• TASK
All records below must be reproduced exactly, although any pictures they contain are to be omitted.

• THE DATA

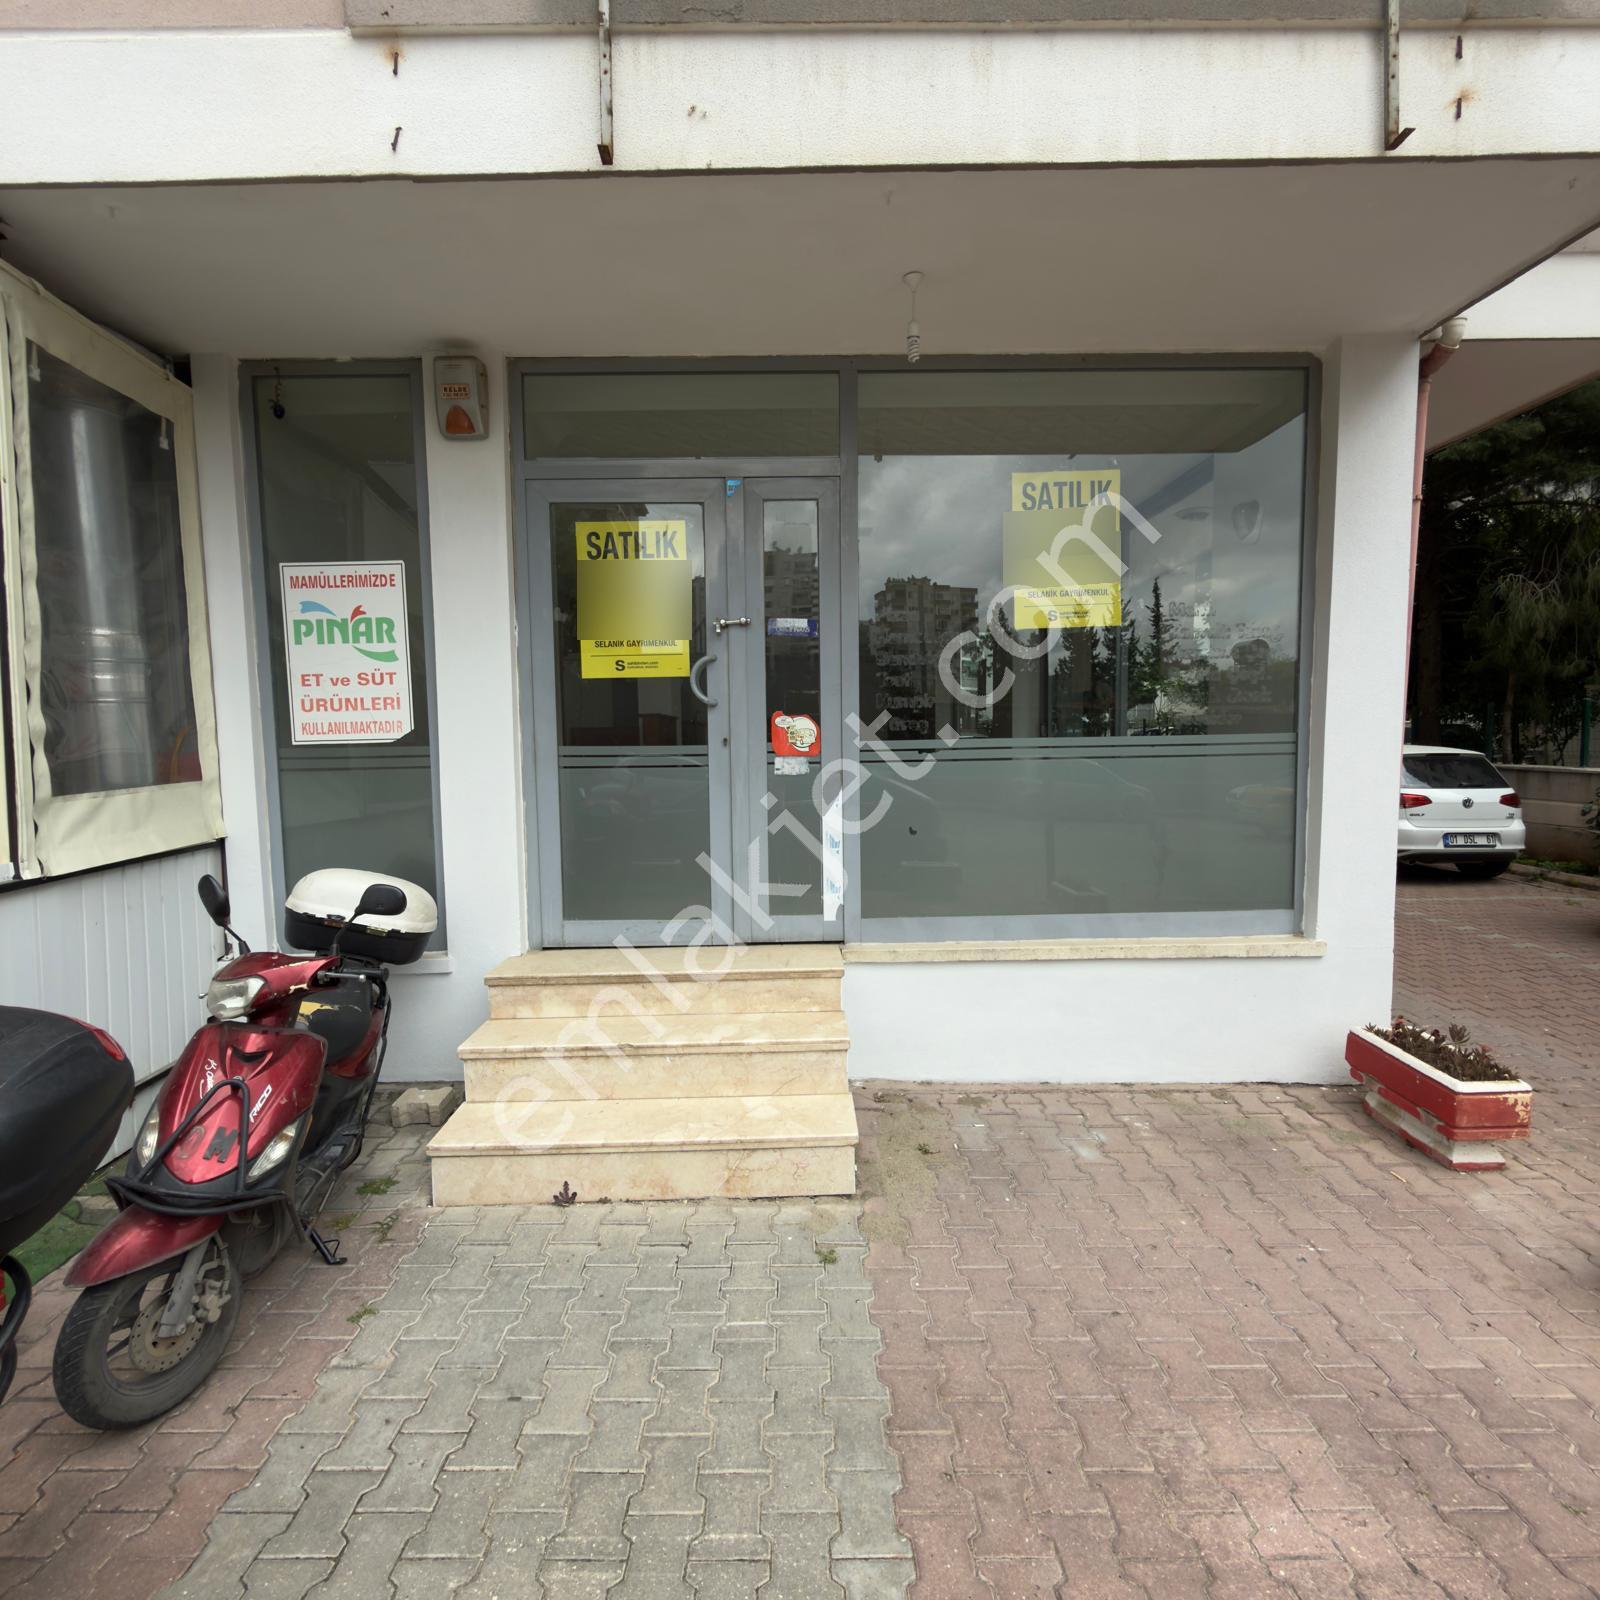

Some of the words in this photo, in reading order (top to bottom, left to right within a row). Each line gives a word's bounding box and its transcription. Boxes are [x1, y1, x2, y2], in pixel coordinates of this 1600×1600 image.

[1022, 480, 1112, 511] SATILIK
[586, 530, 680, 560] SATILIK
[289, 571, 397, 589] MAMÜLLERİMİZDE
[293, 616, 397, 645] PINAR
[301, 674, 324, 687] ET
[330, 676, 351, 687] ve
[357, 668, 397, 686] SÜT
[300, 693, 401, 712] ÜRÜNLERİ
[301, 720, 403, 735] KULLANILMAKTADIR

• WRITTEN RESPONSE
Some of the words in this photo, in reading order (top to bottom, left to right within a row). Each line gives a word's bounding box and its transcription. Boxes are [x1, y1, x2, y2], in pixel coordinates of this 1600×1600 image.

[1022, 480, 1112, 511] SATILIK
[586, 530, 680, 560] SATILIK
[289, 571, 397, 589] MAMÜLLERİMİZDE
[293, 616, 397, 645] PINAR
[301, 674, 324, 687] ET
[330, 676, 351, 687] ve
[357, 668, 397, 686] SÜT
[300, 693, 401, 712] ÜRÜNLERİ
[301, 720, 403, 735] KULLANILMAKTADIR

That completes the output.